A 24-year-old man with no known past medical history presented with a one week history of nightly fevers to 38.8-39C. Two weeks prior to presentation, he spent the weekend at Fire Island in Long Island, NY at a log cabin where he had a BBQ dinner. One day later he experienced severe abdominal cramps and non-bloody diarrhea.  The diarrhea resolved, but he developed recurrent fevers one week later. On initial presentation he was febrile to 38.3C. Physical examination was unrevealing.  Laboratory studies revealed a normal white blood cell count of 5.6 k/ul with a normal differential. Chest x-ray and urinalysis were negative. Blood and urine cultures were collected and the patient was sent home with a five day prescription for oseltamivir. Anaerobic blood culture grew gram negative rods and the patient was recalled to the emergency room. Laboratory studies revealed a normal white blood cell count of 5.8 k/ul with bandemia (1.9%) and mildly elevated transaminases (AST:93, ALT:92). The patient was admitted to the hospital and started on intravenous ceftriaxone. One day after admission initial blood culture was positive for Salmonella group D (Salmonella Enterica serotype Muenster) susceptible to all tested antibiotics. Subsequent blood cultures drawn before and after the initiation of intravenous antibiotic were negative. Other lab tests were notable for mild microcytic anemia (11.3 g/dl), low iron (27), ferritin >1000, LDH > 1000, elevated procalcitonin (0.25).  HIV antibody and viral load testing were negative.  A right upper quadrant ultrasound revealed mild hepatomegaly with nonspecific signs of hepatitis. No focus of infection was identified. After two doses of ceftriaxone, the patient remained afebrile and was discharged home to complete a fourteen day course of amoxicillin/clavulanic acid.

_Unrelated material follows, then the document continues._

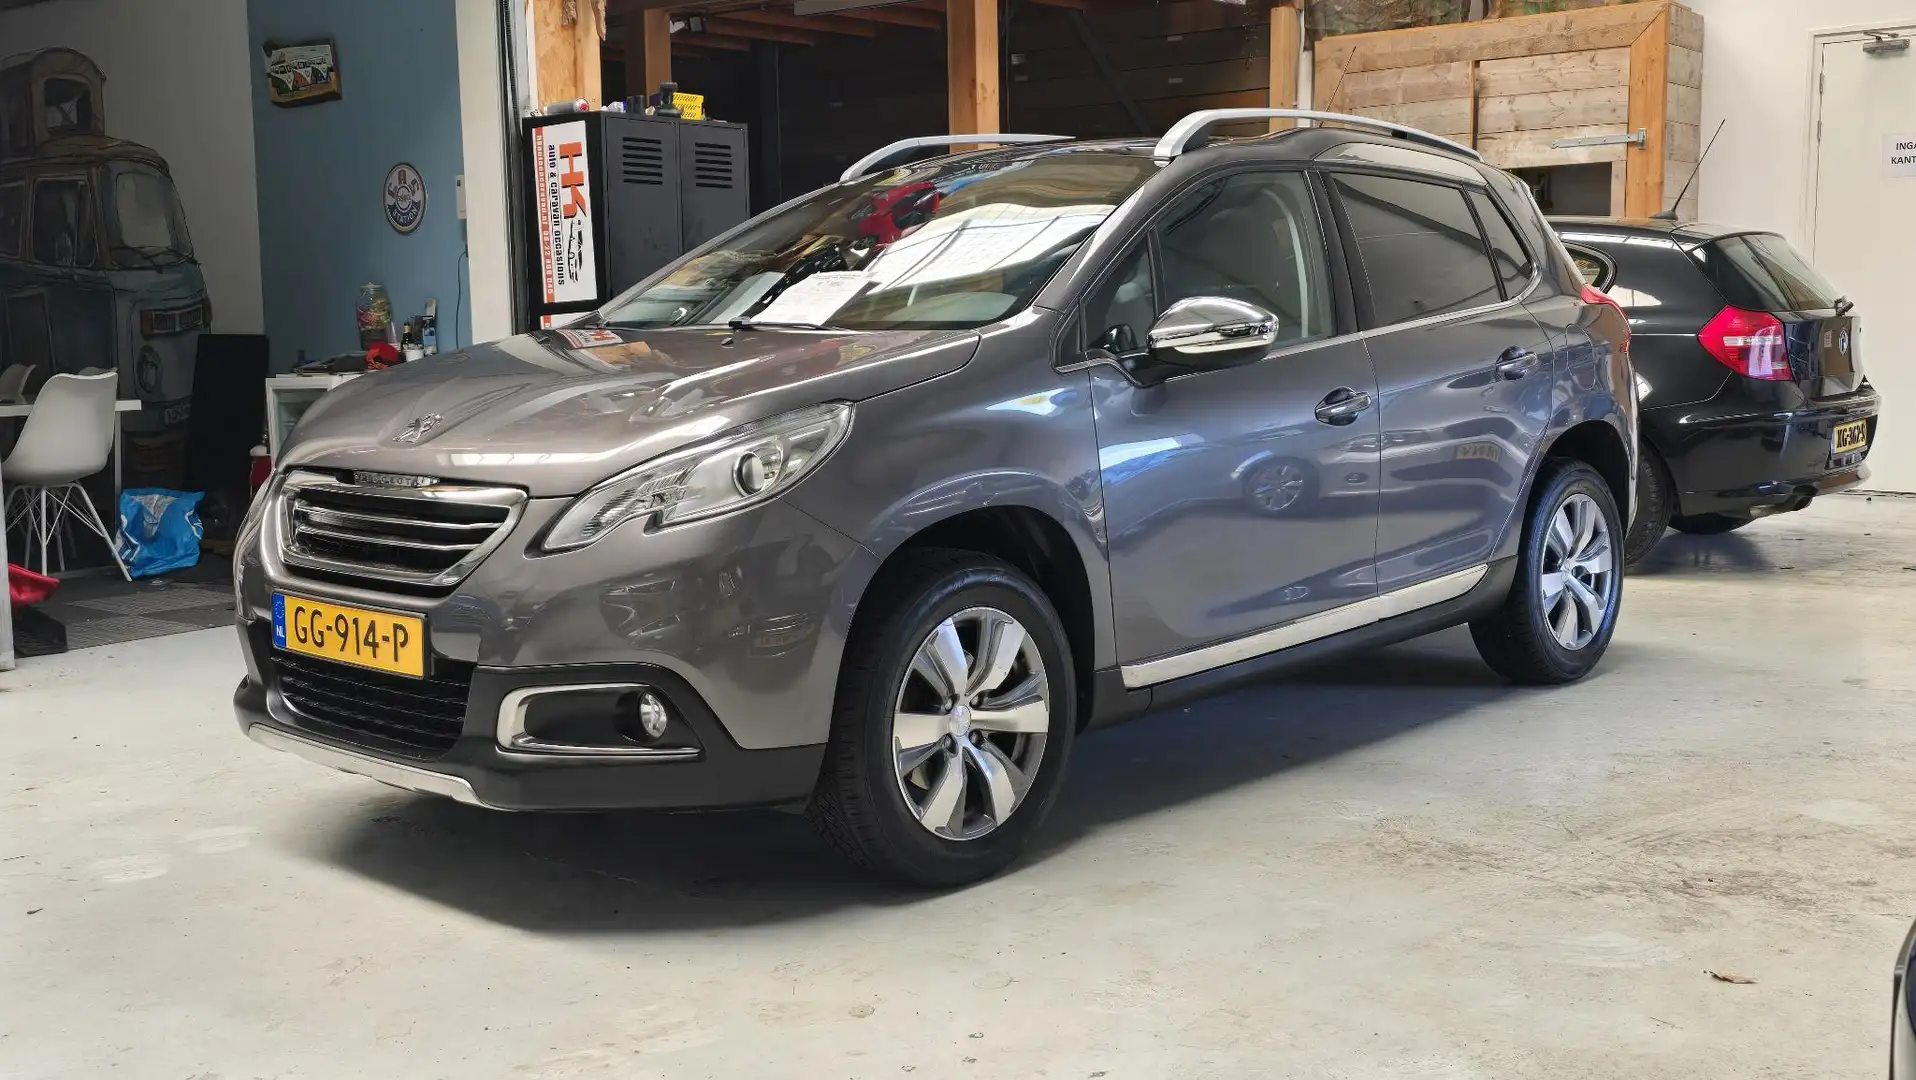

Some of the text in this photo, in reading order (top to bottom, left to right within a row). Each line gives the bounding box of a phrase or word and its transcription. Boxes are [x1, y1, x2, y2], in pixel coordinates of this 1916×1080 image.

It is estimated that one percent of enteric infections with nontyphoidal Salmonella (NTS) result in bacteremia, but the true rate is unknown, as many primary enteric infections are mild or not microbiologically diagnosed. Risk factors for invasive NTS include extremes of age, immunosuppressive conditions, diabetes mellitus, hemoglobinopathies and malignant neoplasms. Our patient had none of these conditions which is what made this case unique.


Invasive NTS is very rare in immunocompetent hosts.  Although more commonly associated with immunocompromised states and hemoglobinopathies, the risk of iNTS is not restricted to these groups. Alteration of the GI tract can also predispose to progression from enteric to systemic salmonellosis. Most bloodstream infections in the United States are due to Salmonella serogroup D. Invasive uncomplicated infection with NTS should be treated with minimum two weeks of antimicrobial therapy in a normal host with removal of the focus if and when feasible.